Forms other than a line may be apparent in a scatterplot. If the data points lie on or close to a curve, it may be appropriate to infer a non-linear form between the variables. We will only be using linear models in this course.
The direction of the scatterplot refers to the pattern shown by the data points. We can describe the direction of the pattern as having positive correlation, negative correlation, or no correlation:
Positive correlation
From a graphical perspective, this occurs when the y-coordinate increases as the x-coordinate increases, which is similar to a line with a positive gradient.
Negative correlation
From a graphical perspective, this occurs when the y-coordinate decreases as the x-coordinate increases, which is similar to a line with a negative gradient.
No correlation
No correlation describes a data set that has no relationship between the variables.
The strength of a linear correlation relates to how closely the points reassemble a straight line.
If the points lie exactly on a straight line then we can say that there is a perfect correlation.
If the points are scattered randomly then we can say there is no correlation.
Most scatterplots will fall somewhere in between these two extremes and will display a weak, moderate or strong correlation.
Consider the table of values that show four excerpts from a database comparing the income per capita of a country and the child mortality rate of the country.
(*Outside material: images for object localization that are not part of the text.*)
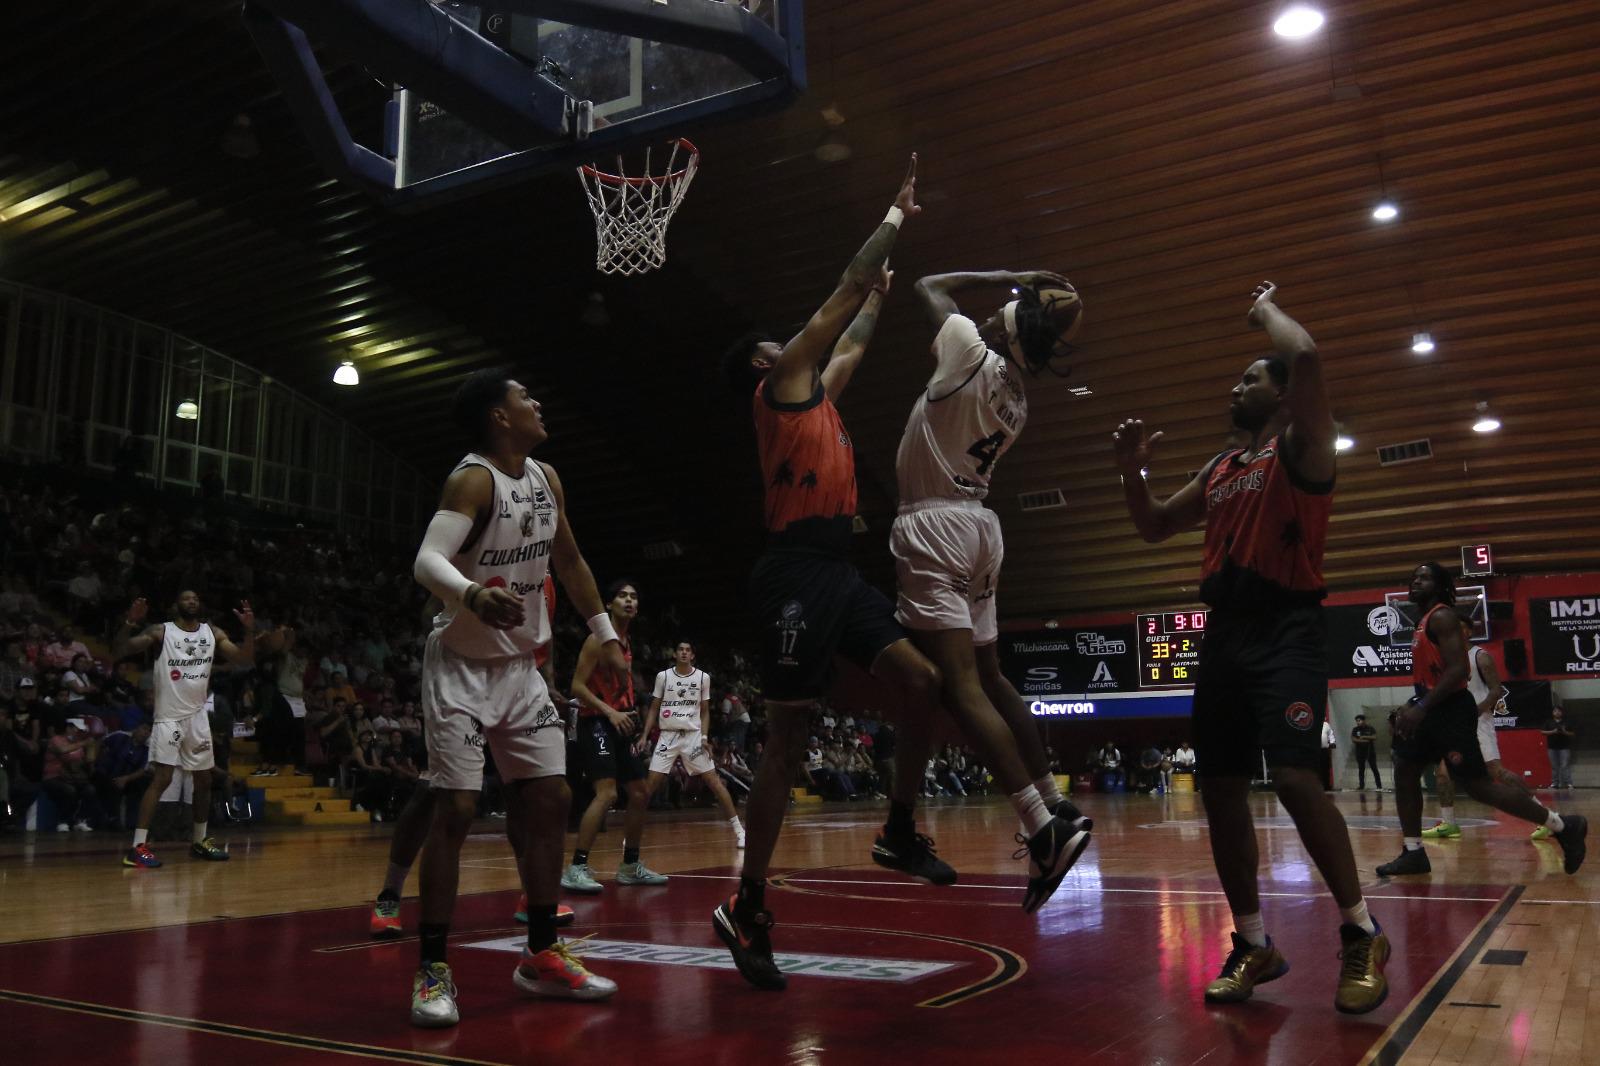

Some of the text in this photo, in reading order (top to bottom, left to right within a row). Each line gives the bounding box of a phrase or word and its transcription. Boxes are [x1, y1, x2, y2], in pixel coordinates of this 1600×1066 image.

[967, 430, 1007, 475] 4
[1476, 547, 1489, 565] 5
[1549, 598, 1600, 618] IMJ
[1148, 623, 1156, 634] 2
[1174, 613, 1204, 630] 9:10
[781, 630, 798, 654] 17
[1145, 635, 1171, 643] GUEST
[1012, 642, 1070, 653] Michoacana
[1151, 640, 1190, 659] 33 2
[1383, 658, 1413, 666] Privada
[1151, 667, 1187, 680] 0 06
[1024, 682, 1062, 691] SoniGas
[1030, 701, 1094, 716] Chevron
[314, 802, 324, 812] A
If a scatter plot was created from the entire database, what relationship would you expect it to have?
Income per capita | Child Mortality rate |
---|---|
1465 | 67 |
11\,428 | 16 |
2621 | 35 |
32\,468 | 9 |
The scatter plot shows the relationship between sea temperature and the amount of healthy coral.
Describe the correlation between sea temperature the amount of healthy coral.
Which variable is the dependent variable?
Which variable is the independent variable?
There are three things we focus on when analysing a scatterplot:
Form: linear or non-linear, what shape the data has
If it is linear:
Direction: positive or negative, whether a line drawn through the data have a positive or negative gradient
Strength: strong, moderate, weak - how tightly the points model a line
If there is no connection between the two variables we say there is no correlation.
If our data does appear linear, to make it easier to analyse and to have numeric answers to the strength and direction of the correlation, we need a line to compare the data against.
A line of best fit (or "trend" line) is a straight line that best represents the data on a scatter plot. This line may pass through some of the points, none of the points, or all of the points. However, it always represents the general trend of the points, which then determines whether there is a positive, negative or no linear relationship between the two variables.
Lines of best fit are really handy as they help determine whether there is a relationship between two variables, which can then be used to make predictions.
To draw a line of best fit, we want to minimise the vertical distances from the points to the line. This will roughly create a line that passes through the centre of the points.
Given a set of data relating two variables x and y, it may be possible to form a linear model. This model can then be used to understand the relationship between the variables and make predictions about other possible ordered pairs that fit this relationship.
The following scatter plot shows the data for two variables, x and y.
Draw a line of best fit for the data.
To draw a line of best fit, we want to minimise the vertical distances from the points to the line. This will roughly create a line that passes through the centre of the points. The points above and below the line should be equal.
Given the equation of the line of best fit, we are able to make important observations about the original data. When we are analysing data, it is important that we consider the context.
When we interpret the vertical intercept, we need to consider if it makes sense for the independent variable to be zero and the dependent variable to have a value of c.
Here is the line of best fit from the first example. The equation of the line is y=1.2x+2 where y represents the height of the plant and x represents the time passed in weeks.
Interpret the gradient and y-intercept of the line for this situation.
A line of best fit has an equation of the form: y=mx+c
The m value shows the gradient, this shows whether the correlation is positive or negative:
If the gradient is positive, when the independent increases by 1 unit, the dependent variable increases by m units. The correlation is positive too.
If the gradient is negative, when the independent increases by 1 unit, the dependent variable decreases by m units. The correlation is negative too.
The c value shows the vertical intercept (also known as the y-intercept):
When the independent variable is 0, the value of the dependent variable is c.